The Bill includes some extensions of TCJA provisions slated to expire at the end of 2025. It also repeals several energy credits and includes other tax-related revenue raisers.

While the Bill leaves the carried interest tax treatment untouched, it does contain several tax provisions relevant to the alternative investment industry and its stakeholders.

Provisions Directly Affecting Alternative Investments

Qualified Opportunity Zone Incentives

H.R. 1 expands the Qualified Opportunity Zone (QOZ) program by designating additional areas as opportunity zones, modifying the definition of low-income communities, and modifying the opportunity zone incentives. Initial qualified opportunity zones will lose their designation on Dec. 31, 2026, rather than Dec. 31, 2028, as provided under current law. The Bill would allow for the designation of additional opportunity zones, to be in effect from Jan. 1, 2027, through Dec. 31, 2033.

As a result, the gain deferral for investments in current opportunity zones would not be available after Dec. 31, 2026, which may lead to a pause in investments in opportunity zones through Jan. 1, 2027, when new opportunity zones can be designated.

The gain reduction percentage would change from 15% to 10% for new opportunity zones if the taxpayer held the investment for at least five years, but it would increase to 30% for investments in qualified rural opportunity funds. Further, the Bill would allow taxpayers to elect to invest up to $10,000 of ordinary income.

Sec. 899 Increase in Tax Rates on Certain Foreign Taxpayers

Proposed Section 899, according to the administration, is intended as a countermeasure to “unfair foreign taxes” imposed by foreign jurisdictions, such as an undertaxed profits rule (UTPR), digital services tax (DST), diverted profits tax, or any other tax enacted “with a public or stated purpose that the tax be economically born, directly or indirectly, disproportionately by U.S. persons”.

The proposal would increase the U.S. tax on foreign persons resident in such jurisdictions by an applicable number of percentage points, starting at 5% for the first year beginning on the applicable date, and increasing annually by five percentage points thereafter, but no higher than 20 percentage points. The applicable date means the first day of the calendar year beginning on or after the latest of (i) 90 days after the date of enactment of the Bill, (ii) 180 days after the date of enactment of the unfair foreign tax, or (iii) the first date that an unfair foreign tax begins to apply.

The Sec. 899 surcharge would also apply to reduced rates available under an income tax treaty with the “discriminatory foreign country”.

Taxes that are affected by the Sec. 899 surcharge include the following taxes and related withholding rates:

  • Tax on fixed and determinable, annual, or periodic (FDAP) income
  • Tax on a foreign corporation’s (but not an individual’s) income effectively connected with a trade or business (ECI) in the U.S.
  • Tax on the gains from the disposition of a U.S. real property interest under FIRPTA
  • Tax imposed on U.S.-source gross investment income of a foreign private foundation

The proposal also would remove the gross income exclusion in Sec. 892(a), which exempts foreign governments from tax on certain U.S.-source investment income, including bank deposit interest.

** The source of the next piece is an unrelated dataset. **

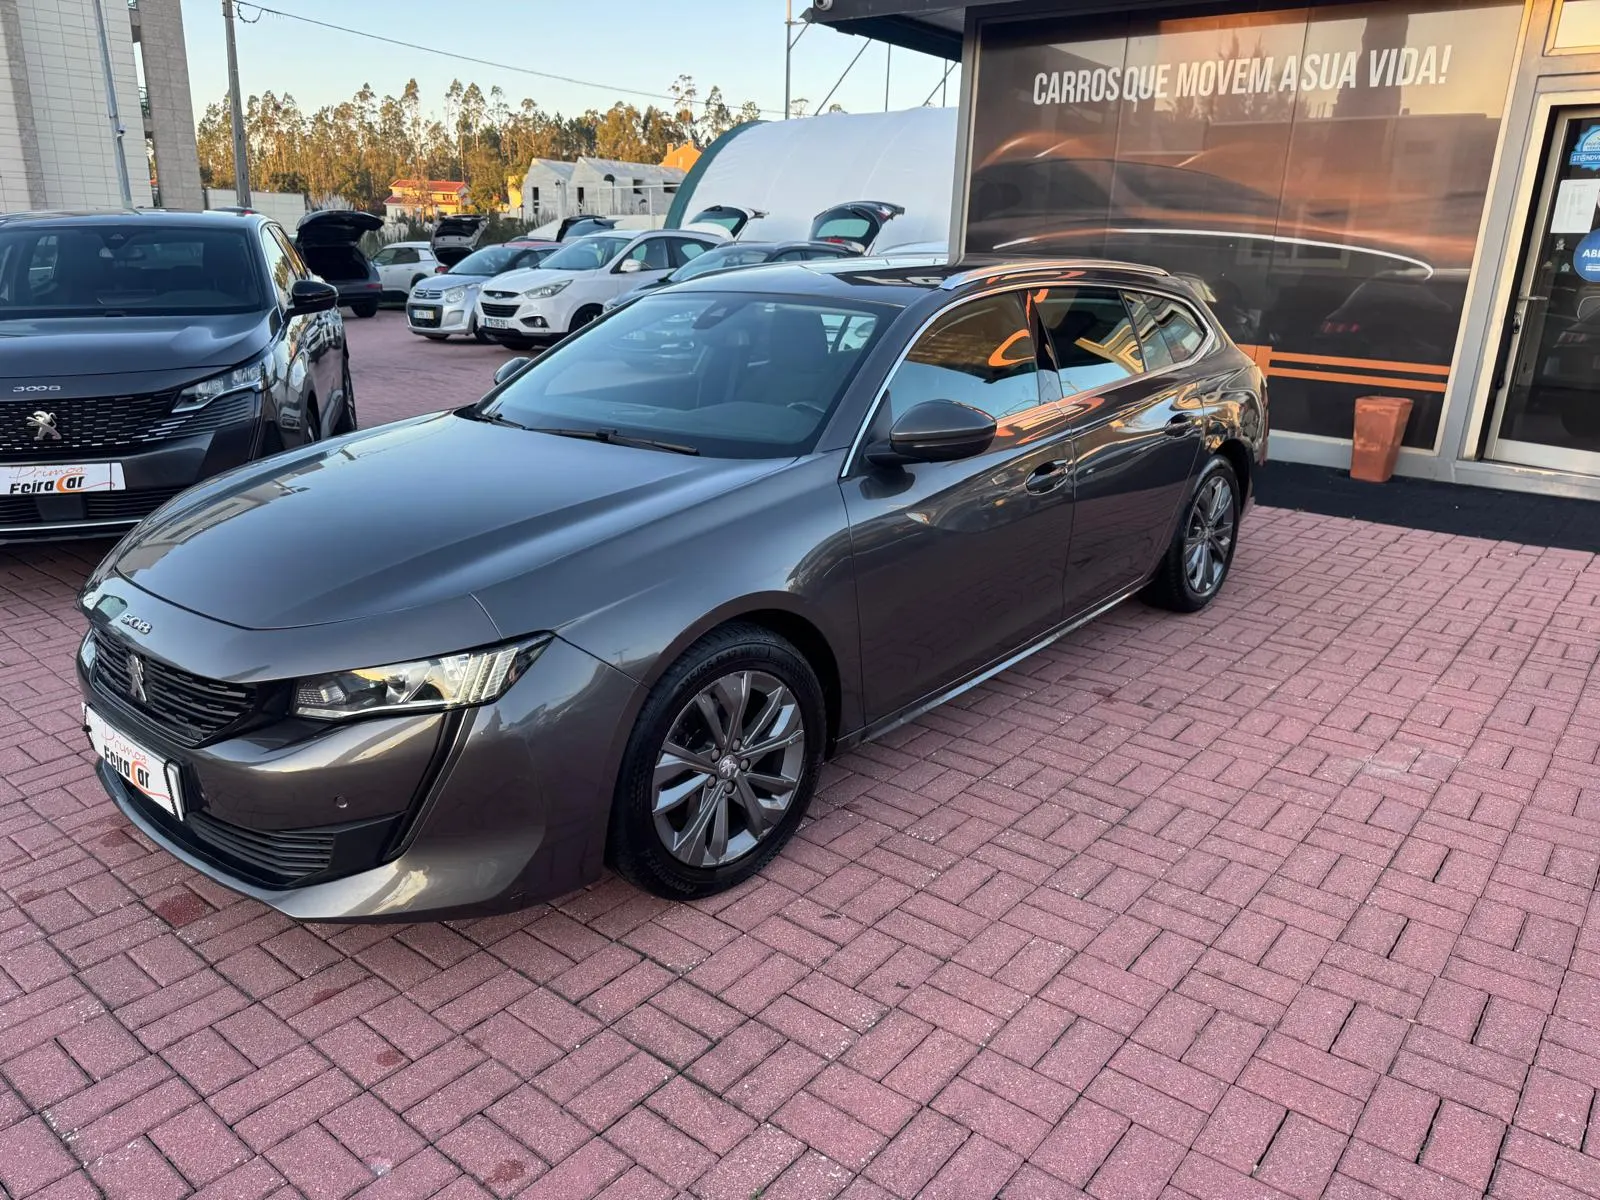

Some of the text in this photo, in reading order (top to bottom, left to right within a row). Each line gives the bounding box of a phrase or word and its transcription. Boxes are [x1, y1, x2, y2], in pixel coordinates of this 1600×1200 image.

The new Sec. 899 would be effective on the date of enactment of the Bill.

It raises serious questions about investment fund managers’ ability to monitor the designation of foreign jurisdictions as “discriminatory” and the resulting impact on withholding rates applicable to the fund’s foreign investors. As the tax costs of investing in the U.S. would rise significantly for investors from such countries, funds may want to consider implementing alternative holding structures to mitigate the impact on investors’ after-tax returns.

REIT Subsidiary Asset Test Changes

The Bill would amend Sec. 856(c) to increase the limitation on investments in securities of taxable REIT subsidiaries from 20% to 25% for tax years beginning after Dec. 31, 2025.

Disguised Sales Rules Not Dependent on Regulations

The Bill includes an amendment to Sec. 707(a)(2), which deals with disguised payments to partners for services and disguised sales of partnerships. The amendment, added after passage of the Bill by the Rules Committee, just prior to passage by the full House, specifies that the statute is applicable “Except as provided by the Secretary”. Previously, Sec. 707(a)(2) required “Under regulations prescribed by the Secretary”; however, finalized regulations have never been issued.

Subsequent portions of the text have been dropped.